Vega Sport Protein Powder – While I’m not a supplement person, I also don’t eat after running which is a combination for disaster. In the heart of my training I like to add this a few times a week to my diet because I’m well aware I don’t get enough protein (I rarely eat meat). Since whey protein makes me instantly ill so I have to opt for a vegan-friendly option and this is my go-to. I enjoy the taste (it’s perfect iced with coffee post-morning workout) and informed-choice certified which is nice, even though I’m not competitive on an elite level.
Vega One All in One Meal Bar – These are my pre-run snacks at work. I start to get hungry around 3pm and it’s tough to find the right food to fuel my run after 5pm, but I lean on these. I like the Chocolate Cherry Almond best. Since they are a little pricey to swing on a regular basis, I stock up when they are on sale at my local cooperative market.
Vega Sport Pre-Workout Energizer – YUM. This is delicious and the one thing I will make room for in my budget. I don’t take it before every workout, but typically when I need a boost before intervals or on an early morning weekend run that isn’t long enough to need fuel beforehand. Within ten to fifteen minutes I notice a difference in my energy levels. Most importantly, I am able to sleep at night, even if I take it after work. This is so important to me because it’s something I have trouble with when I’ve experimented using other energizers.
Honey Stinger Chews – I never thought I’d be the girl that eats during her race, but here I am. During my Chicago Marathon training, I tried Honey Stinger Chews instead of Gu, which I previously used and loved. It took some getting used to and it’s a little more challenging than whipping out a gel, but the taste is great and I think it offers a bit more of sustained energy. I also think it’s cheaper!

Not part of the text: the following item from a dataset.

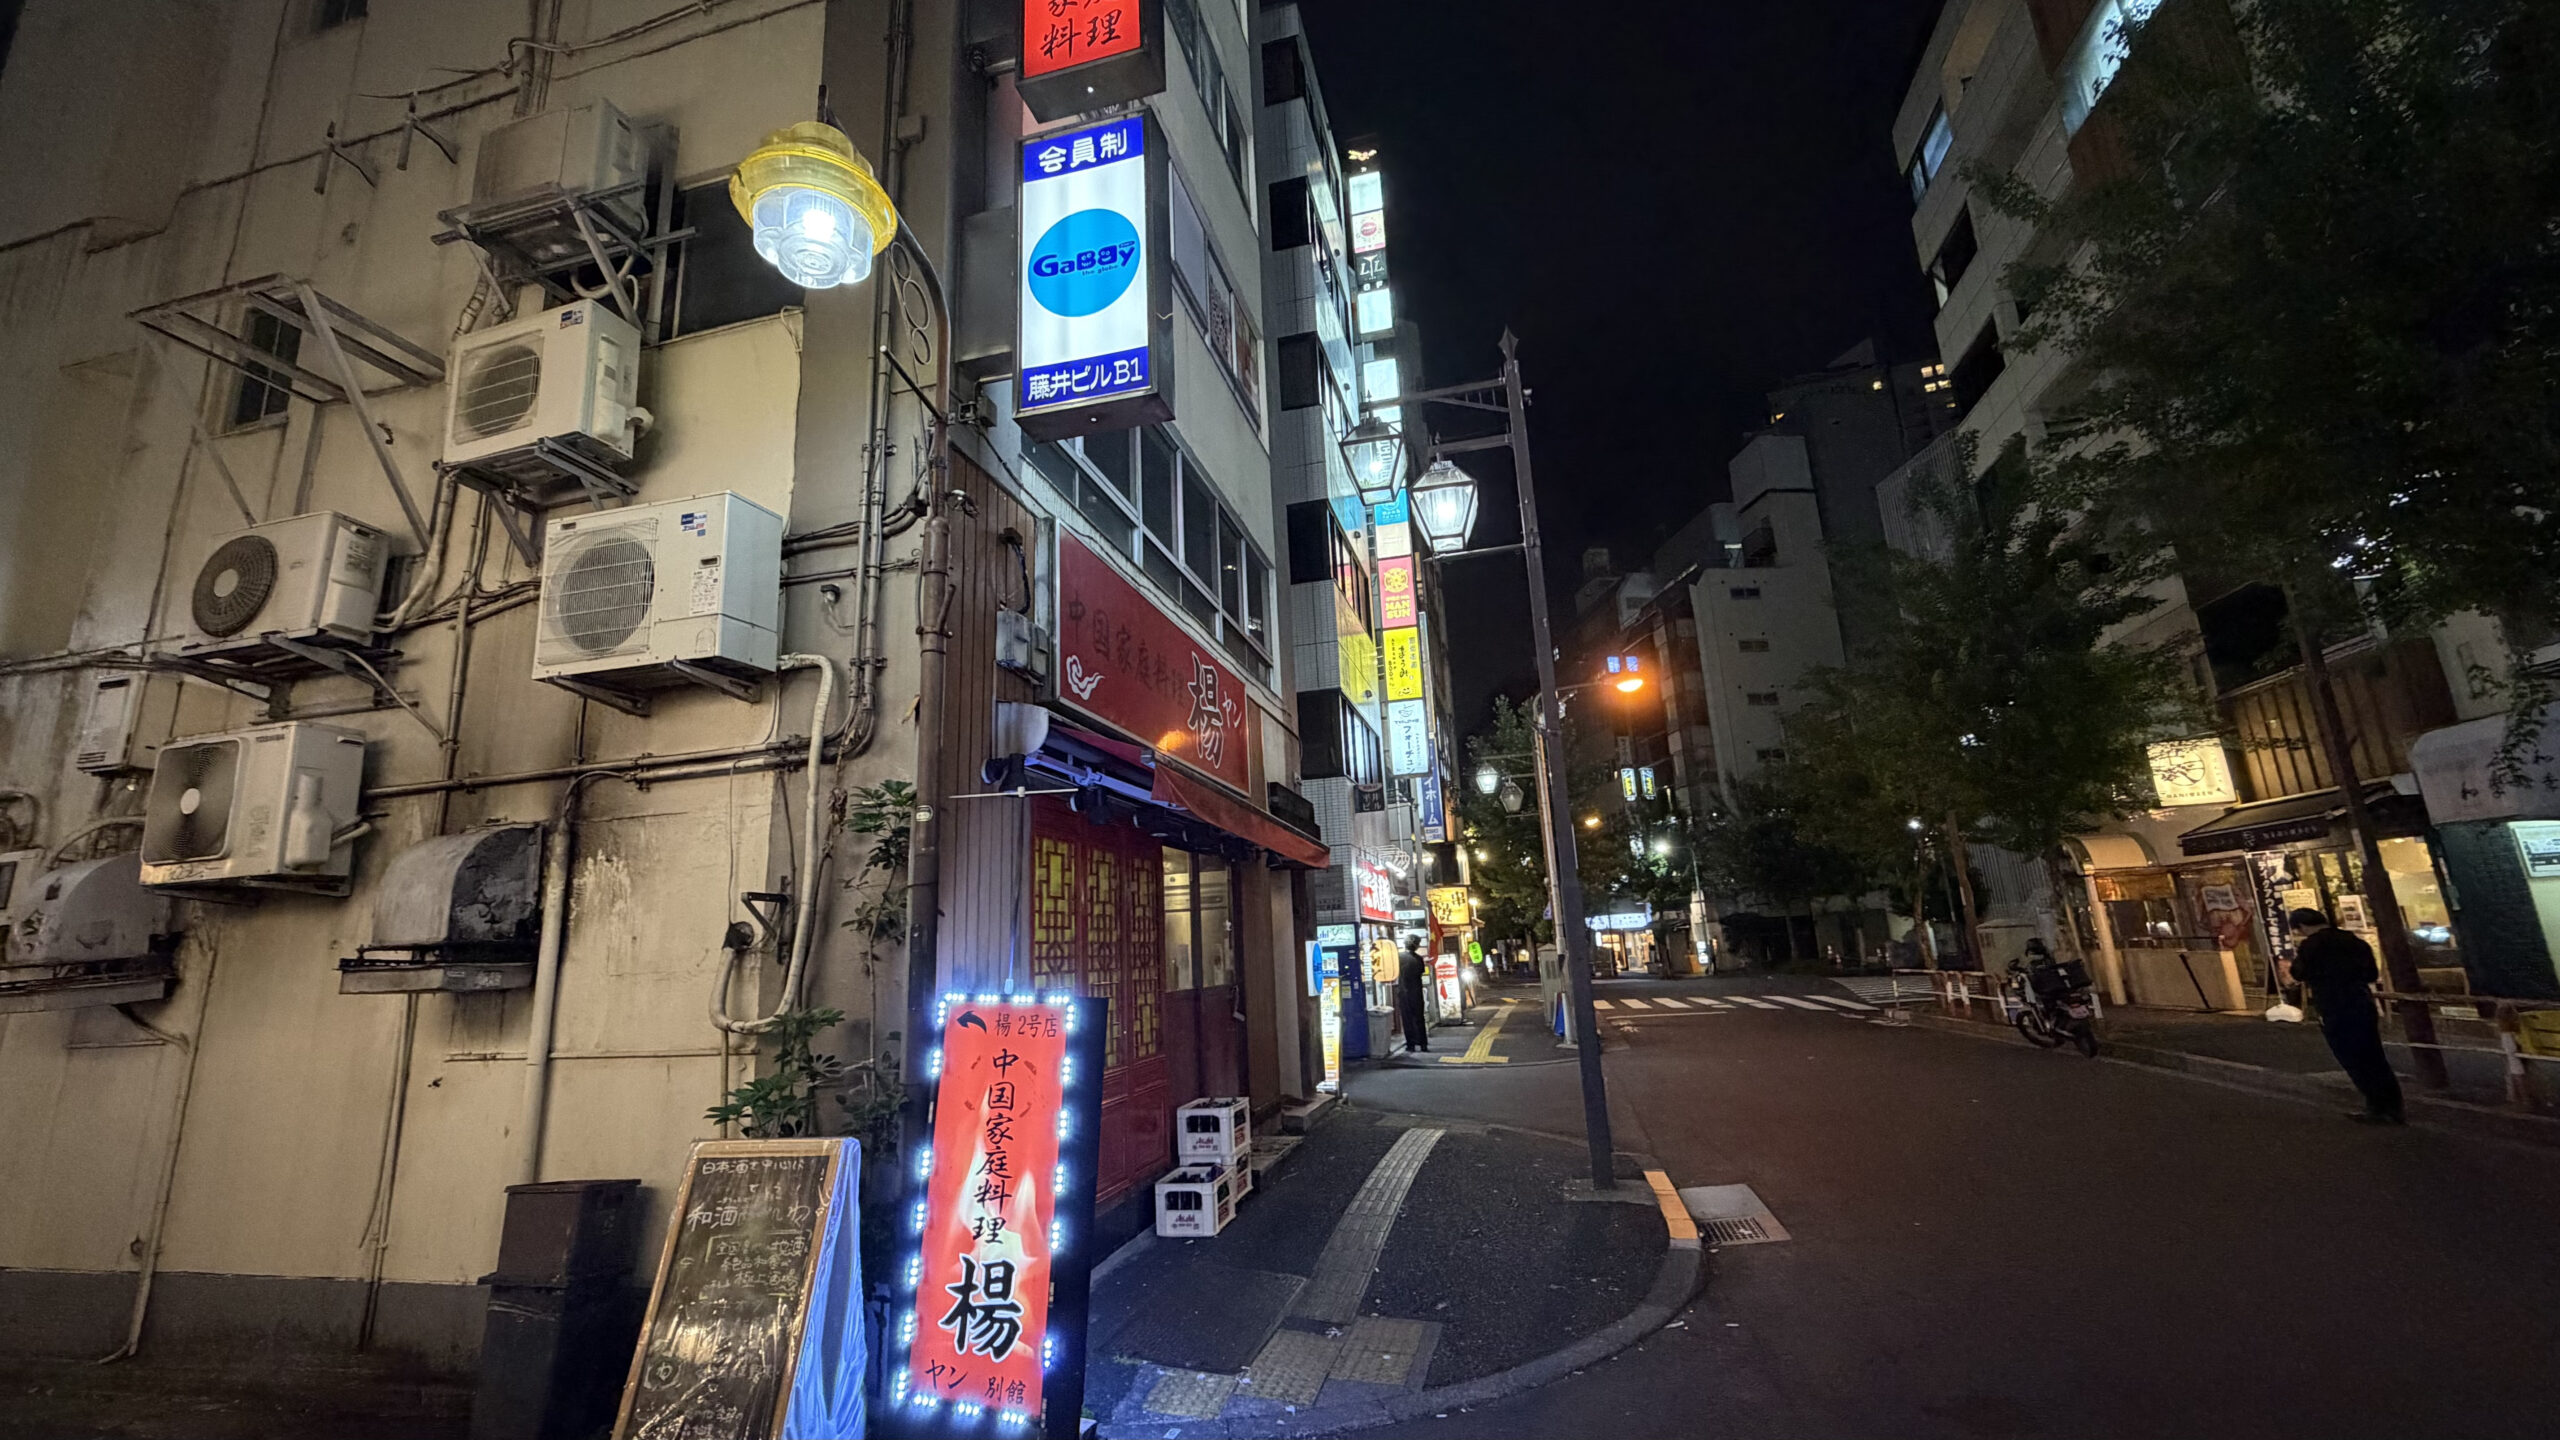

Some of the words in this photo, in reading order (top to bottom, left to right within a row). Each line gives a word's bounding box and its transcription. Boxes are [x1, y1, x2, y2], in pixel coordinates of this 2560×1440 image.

Generation UCan – If I can recommend one thing to runners who need pre-race/mid-race fuel advice, it’s starting using Gen UCAN. I drink it about an hour before my long runs and races of any distance. I like that it curbs any hunger I have and provides sustained energy; it’s saved me a few times for extended track workouts after work when I won’t be eating dinner until 8pm. It can be very chalky, so I mix it up the night before and stick it in the refrigerator which helps. It’s still a little on the thick side, but at least there aren’t weird chunks in it that happens with some powders. I read that you can also use it to create your own gels, which I’m going to experiment with soon. Potentially, I could end up using 2 Gen UCAN gels during an entire marathon! My favorite flavor is the pomegranate blueberry.
Honey Stinger Waffles – I eat these for a snack or if I need something quick before a morning run. I like to keep them at work to munch on during the day, probably way more than I should. Simple, tasty, organic. What more could you want?

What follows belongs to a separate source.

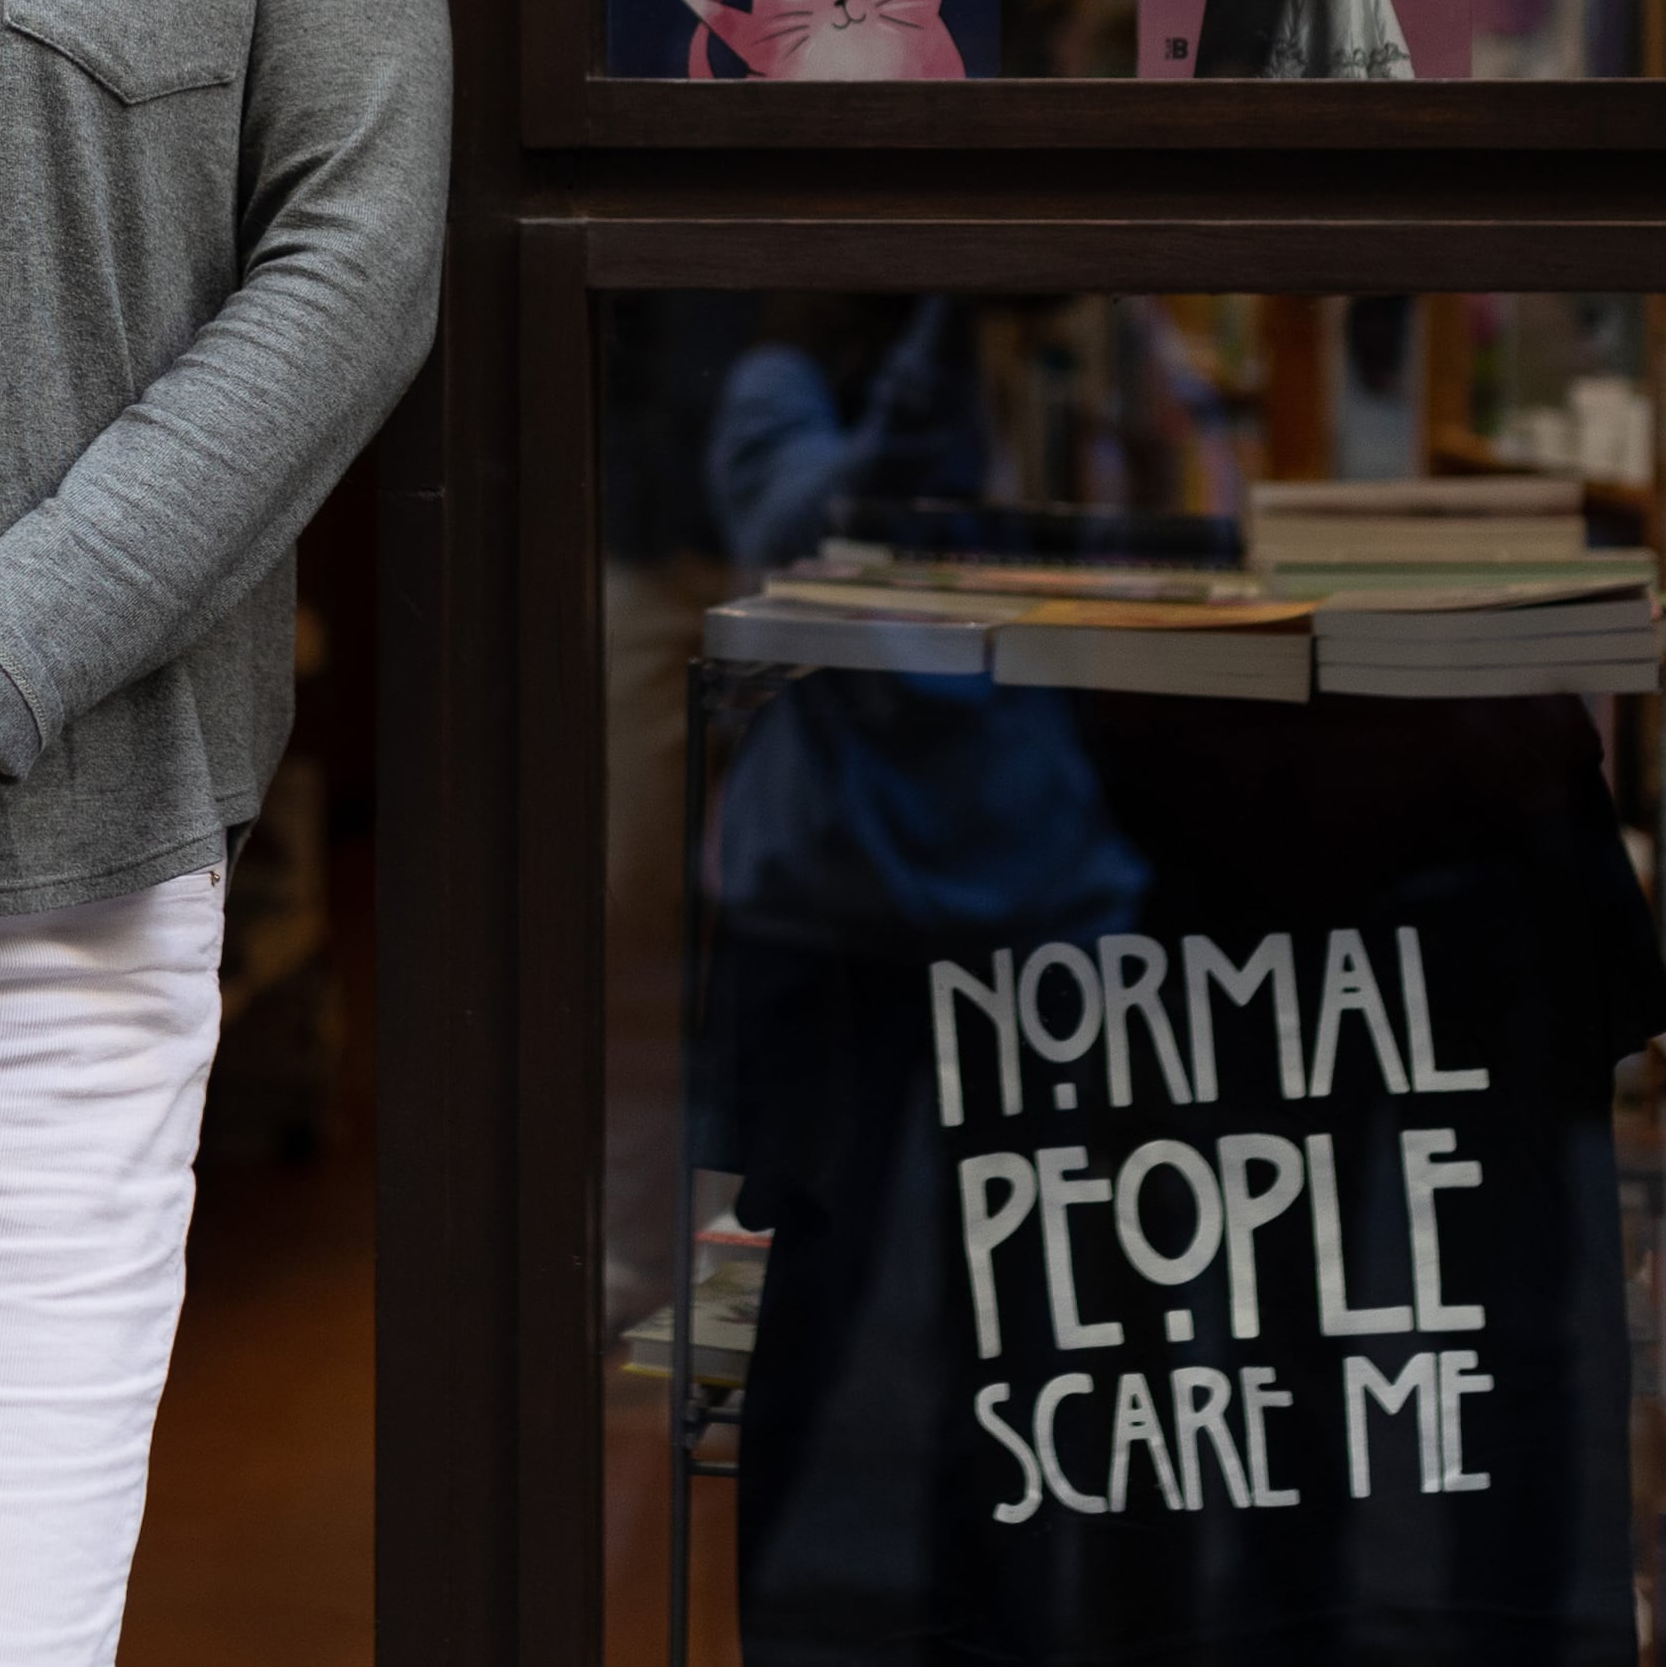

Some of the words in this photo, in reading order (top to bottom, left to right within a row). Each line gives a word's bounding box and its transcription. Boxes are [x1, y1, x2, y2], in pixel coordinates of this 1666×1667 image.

[929, 926, 1491, 1127] NORMAL
[957, 1127, 1486, 1360] PEOPLE
[973, 1364, 1302, 1526] SCARE
[1341, 1348, 1496, 1500] ME

SPIbelt – As a woman who often runs alone, I find it important to have my phone on me at all times. I use my SPIbelt for every run to carry my iPhone 6, keys, inhaler, and sometimes cash or credit cards. This thing is small, but mighty! It stretches, lays flat, and honestly — I forget I’m wearing it frequently. In fact I’ve come back from runs, taken off every other piece of running gear and forgotten it was on until I laid down on the couch.
Nathan Handheld Water Bottle – I hate carrying water, but I guzzle it like I’ve been stuck in the Sahara during summer training. This is the best thing I’ve found that works for me (not a fan of vests or belts) when I’m unable to locate water fountains, which is basically every run in Buffalo. I like the little pocket to stuff my chews and keys especially!

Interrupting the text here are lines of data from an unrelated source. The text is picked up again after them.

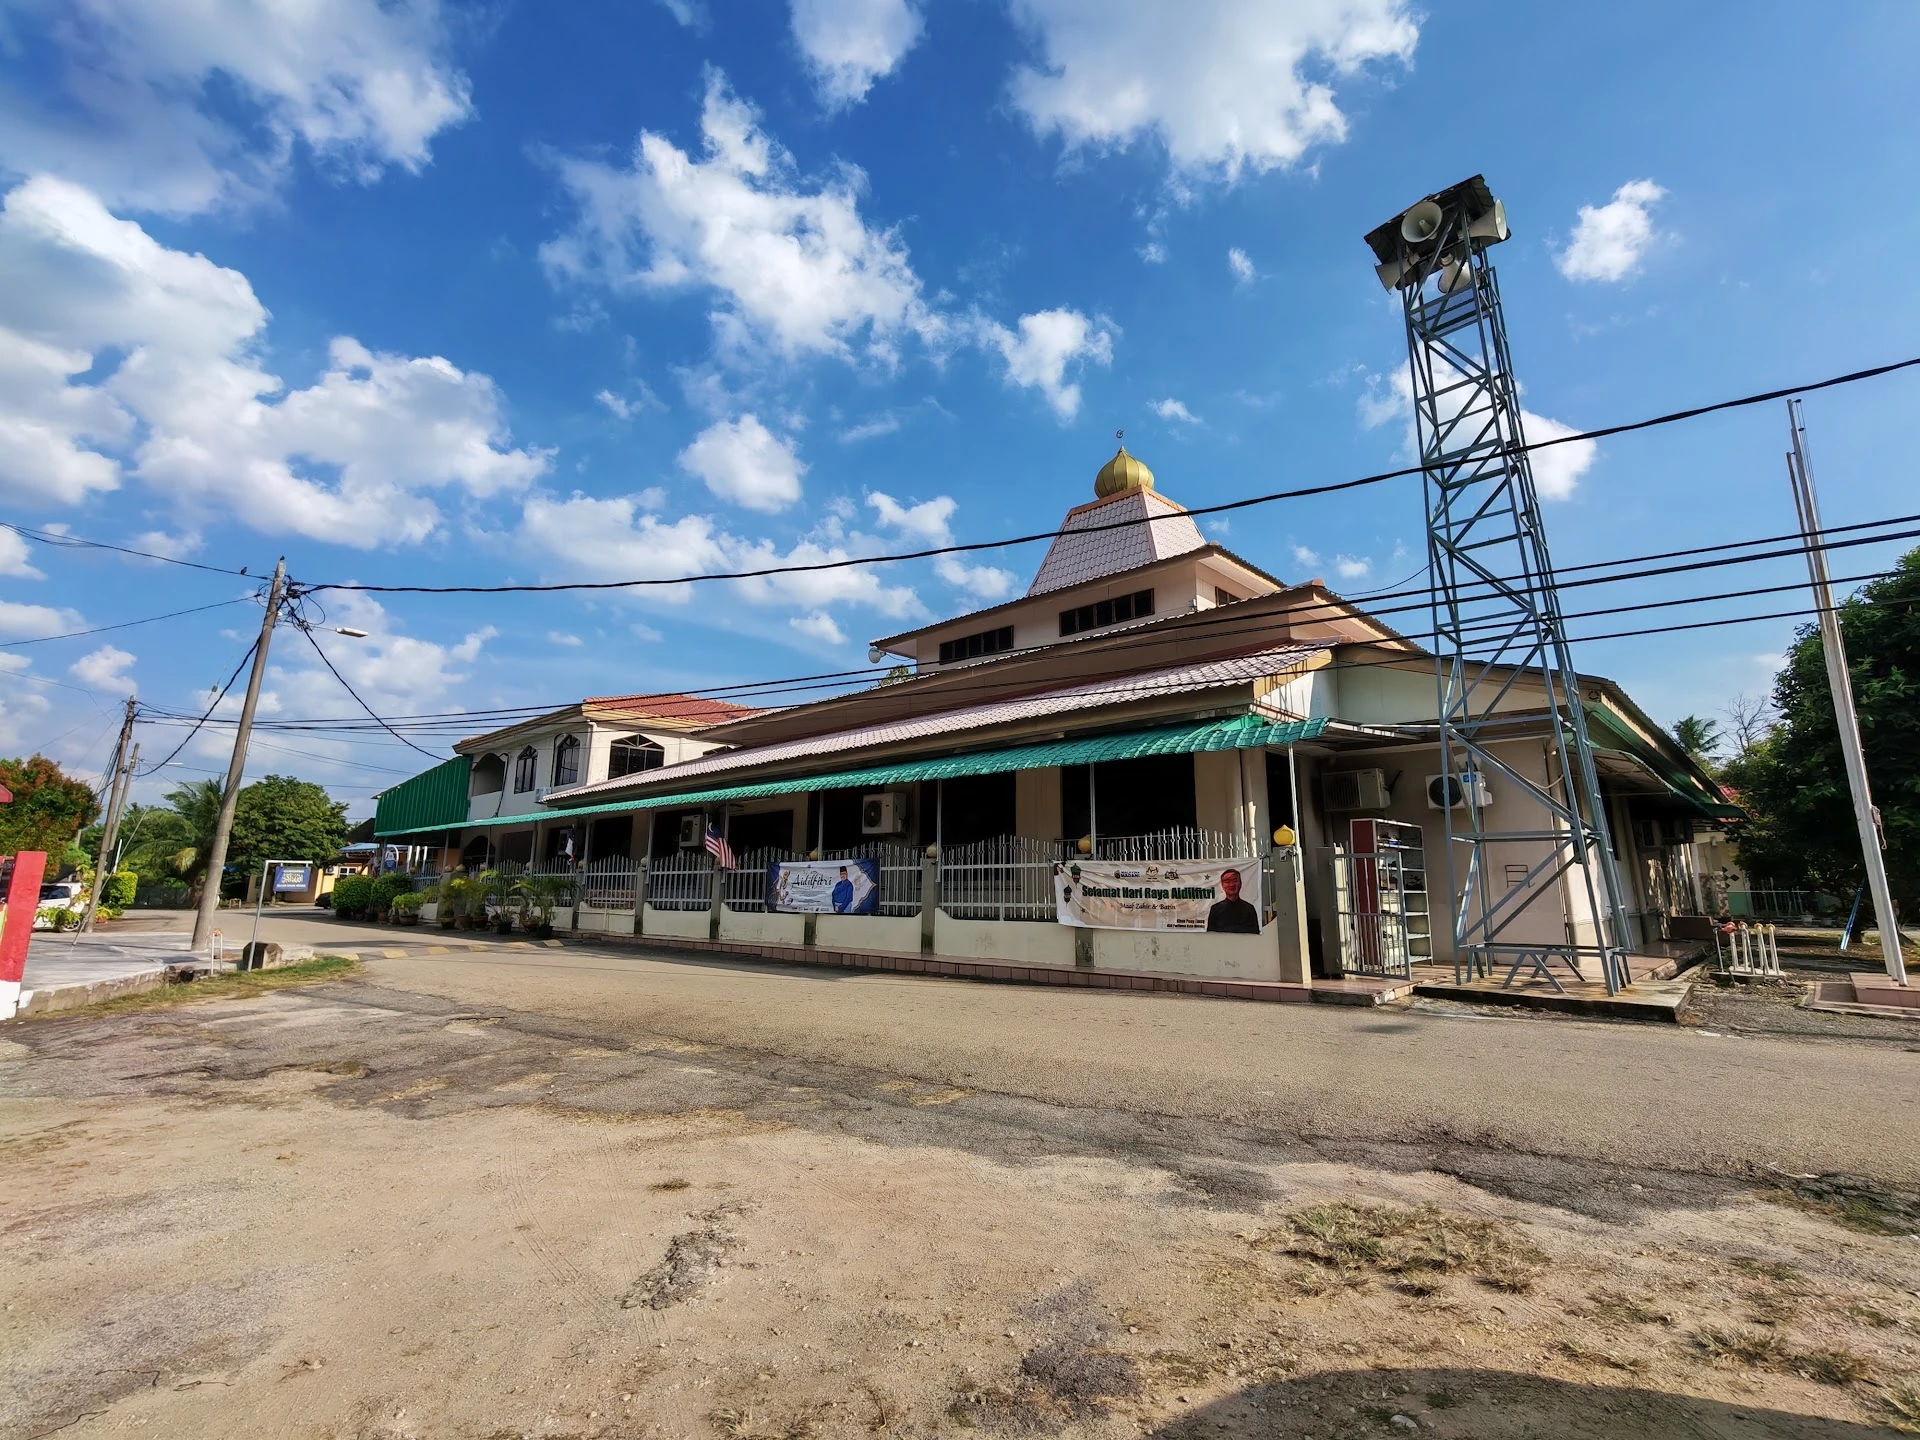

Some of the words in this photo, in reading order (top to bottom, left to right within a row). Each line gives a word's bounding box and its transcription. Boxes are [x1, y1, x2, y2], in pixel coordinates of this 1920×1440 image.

[791, 874, 832, 889] Aidilfitri
[1082, 885, 1121, 898] Selamat
[1122, 887, 1143, 899] Hari
[1144, 887, 1170, 900] Raya
[1171, 887, 1215, 901] Aidilfitri
[1120, 902, 1135, 911] Maaf

CEP Compression Socks – I’ve tried various brands of compression gear — 2XU, Zensah, Saucony, Pro Compression — CEP was the first brand I tried and the one I swear by. I find that it’s the perfect combination of tight and supportive, but it also lasts. Sure it’s more expensive than other brands (you won’t find 40% off every day!) but there’s a reason for that. When you socks come with instructions to assist with putting them on, there’s a reason.
Saucony Zealot Sneaker – Sadly, my favorite sneaker was discontinued by Saucony, the Virrata. I stocked up on the Virrata when I found out, but got a pair of Zealots with the 26 Strong program and realized I love them, too! I was used to running in 0mm drop, but the 4mm with a little stiffer sole actually worked well during marathon training.